One way to easily study this, if ,like me, you only know a little Greek is to read the “Yall version” The results are striking. So, take just one passage. 1 Corinthians 1:26-31 which in the “Y’all” version of the NET reads:

Think about the circumstances of y’all’s call, brothers and sisters. Not many were wise by human standards,not many were powerful, not many were born to a privileged position. But God chose what the world thinks foolish to shame the wise, and God chose what the world thinks weak to shame the strong. God chose what is low and despised in the world, what is regarded as nothing, to set aside what is regarded as something, so that no one can boast in his presence. He is the reason y’all have a relationship with Christ Jesus, who became for us wisdom from God, and righteousness and sanctification and redemption,  so that, as it is written, “Let the one who boasts, boast in the Lord.” READ MORE VERSES IN Y’ALL VERSION

Two things jump out immediately. First up, we are to consider the call of the entire community not just our own as individuals when we think about the way God has chosen us as a people who outwardly are not impressive to bring to shame the wisdom of the world. But secondly, it is not merely that each individual within the church has a personal relationship with Christ so much as that all of us corporately have that relationship together.
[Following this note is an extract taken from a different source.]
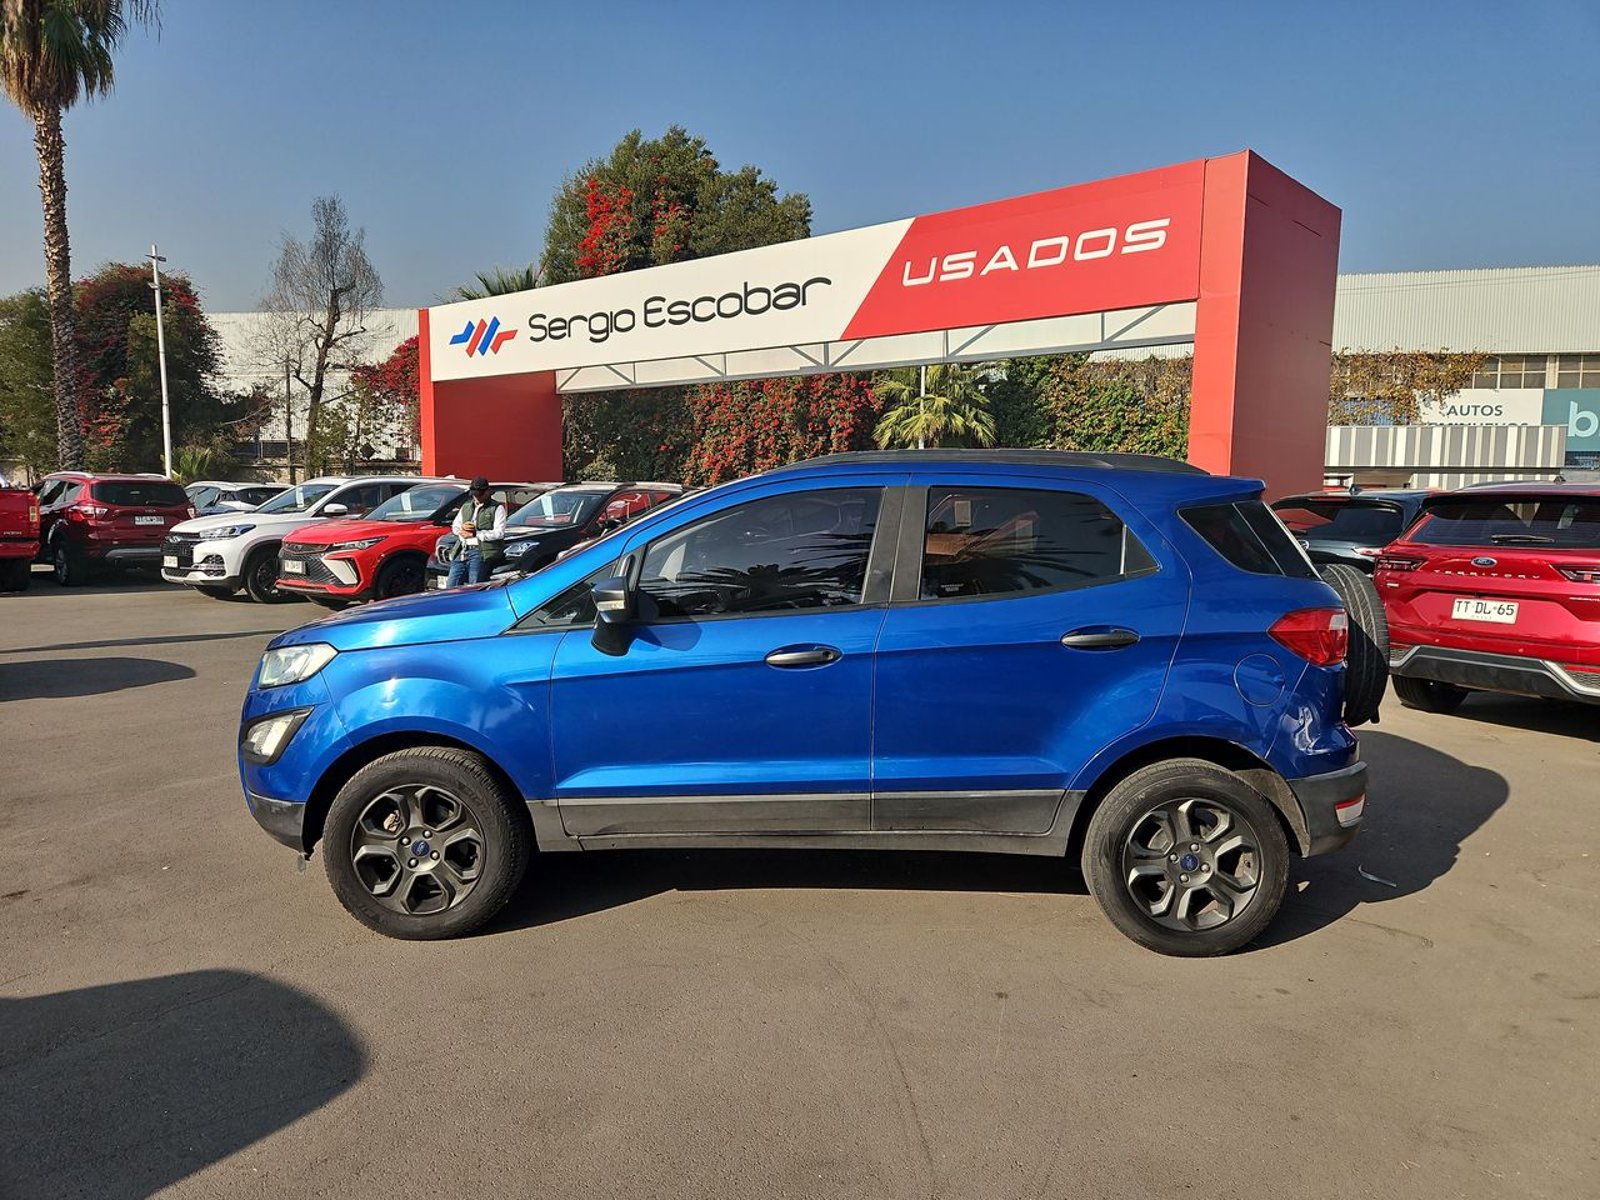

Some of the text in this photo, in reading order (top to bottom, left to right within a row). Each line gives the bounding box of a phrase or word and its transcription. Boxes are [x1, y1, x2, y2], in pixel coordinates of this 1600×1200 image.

What does this mean? It means that you get to meet Jesus not just in your individual times with him, but also through seeing him at work through others in the body of Christ. It means that, as other Scriptures support, we ALL together are meant to reflect the multi-coloured wisdom of Christ. It means that if you want to pursue a relationship with Jesus, you will need to pursue a relationship with other members of his Body on earth.  It means that each of us has a responsibility to help others relate to Jesus and know his love. This is a beautiful insight, just one of many the Y’all version may help us all to grasp.

God doesn’t want you to have a personal relationship with him. He wants you to have a corporate one. And he wants you to share him with others both inside and outside the church.

The heart of being a Christian is to obey the Great Commandments by Loving God AND loving our neighbour, and to obey the Great Commission by helping others to learn how to follow Jesus. We cannot do any of that on our own.